Sun Microsystems reported net income of $US89 million on strong hardware sales for its first quarter of fiscal 2008, with the company posting its fourth consecutive profitable quarter after several years of financial loss and instability.
Total revenue for the first quarter, which ended Sept. 30, was $3.22 billion, an increase of about 1 per cent compared with the $3.19 billion in revenue reported for the same period last year, when the company reported a net loss of $56 million.
The quarter was profitable even with a restructuring charge of $113 million, or $0.03 per share; however, the company slightly missed analysts' estimates for revenue. Analysts polled by Thomson Financial expected the company to report $3.27 billion in revenue for the first quarter.

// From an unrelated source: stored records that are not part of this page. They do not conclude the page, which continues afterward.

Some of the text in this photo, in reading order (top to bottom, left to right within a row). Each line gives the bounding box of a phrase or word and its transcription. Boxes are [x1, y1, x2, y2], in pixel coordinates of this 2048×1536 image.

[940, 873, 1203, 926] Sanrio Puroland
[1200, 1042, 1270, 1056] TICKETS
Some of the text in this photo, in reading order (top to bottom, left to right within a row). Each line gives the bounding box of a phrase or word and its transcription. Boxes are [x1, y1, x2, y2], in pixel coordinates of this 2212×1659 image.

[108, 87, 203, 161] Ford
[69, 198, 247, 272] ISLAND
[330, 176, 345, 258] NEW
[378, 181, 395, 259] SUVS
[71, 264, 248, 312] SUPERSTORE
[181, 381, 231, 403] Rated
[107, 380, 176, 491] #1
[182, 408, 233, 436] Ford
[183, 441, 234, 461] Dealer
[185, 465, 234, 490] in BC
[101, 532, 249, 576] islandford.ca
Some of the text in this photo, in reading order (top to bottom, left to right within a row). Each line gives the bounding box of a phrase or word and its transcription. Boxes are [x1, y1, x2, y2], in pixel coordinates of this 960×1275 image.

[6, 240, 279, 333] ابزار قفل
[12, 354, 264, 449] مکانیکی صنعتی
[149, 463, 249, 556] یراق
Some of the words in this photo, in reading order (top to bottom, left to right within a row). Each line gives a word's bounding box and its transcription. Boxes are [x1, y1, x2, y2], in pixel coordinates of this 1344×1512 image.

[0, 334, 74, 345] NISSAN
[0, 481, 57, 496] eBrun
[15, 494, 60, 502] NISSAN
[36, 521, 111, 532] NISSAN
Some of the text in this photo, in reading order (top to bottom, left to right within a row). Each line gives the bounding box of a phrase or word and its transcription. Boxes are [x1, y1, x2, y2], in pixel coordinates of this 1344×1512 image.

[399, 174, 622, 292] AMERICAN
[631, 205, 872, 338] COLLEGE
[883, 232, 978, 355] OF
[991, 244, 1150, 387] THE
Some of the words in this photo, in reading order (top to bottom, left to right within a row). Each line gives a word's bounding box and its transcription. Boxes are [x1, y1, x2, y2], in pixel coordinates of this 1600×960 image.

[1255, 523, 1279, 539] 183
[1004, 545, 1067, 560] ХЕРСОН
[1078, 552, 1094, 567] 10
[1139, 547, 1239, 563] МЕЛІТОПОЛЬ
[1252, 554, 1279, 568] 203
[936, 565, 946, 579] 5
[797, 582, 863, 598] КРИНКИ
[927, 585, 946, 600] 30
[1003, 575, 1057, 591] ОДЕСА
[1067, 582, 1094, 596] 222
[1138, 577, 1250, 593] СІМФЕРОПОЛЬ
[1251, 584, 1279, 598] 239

Earnings per share (EPS) for the quarter were $0.03, compared to a loss of $0.02 per share for the same period last year. Sun's EPS results were in line with Thomson analysts' estimates. Cash generated from operations for the quarter was $574 million and the company's cash and marketable debt securities balance was $5.193 billion at the end of the quarter, the company said.
Once thought to be in danger of being acquired or losing its position as a thought leader in the technology industry, Sun's been making a slow but apparently steady comeback since CEO, Jonathan Schwartz, took over as CEO from chairman, Scott McNealy, a little more than 18 months ago.
In the past two years, the company has let go of some of the proprietary strategies that were keeping it down, open-sourcing both its Solaris operating system and Java development technology and embracing industry-standard processors from Intel and Advanced Micro Devices in favor of its own chips for its hardware products. The company also began selling software on a subscription basis, a move that gave a boost to its flagging Java-based software business.
Schwartz also enacted changes to make Sun more operationally efficient, as the high cost of operations was cited as a reason the company failed to turn a profit for several years. Sun cut about 4000 employees in the past year and also instituted some internal policies to cut costs.
As a result of these changes, Sun's server business is on an upswing, and the company is also reporting greater adoption of Solaris, which took a major hit several years ago due to pressure from Linux. Sun's software subscriptions also are contributing to its overall profits; according to a press statement issued Monday, Sun's identity management software made a particularly strong showing in the quarter.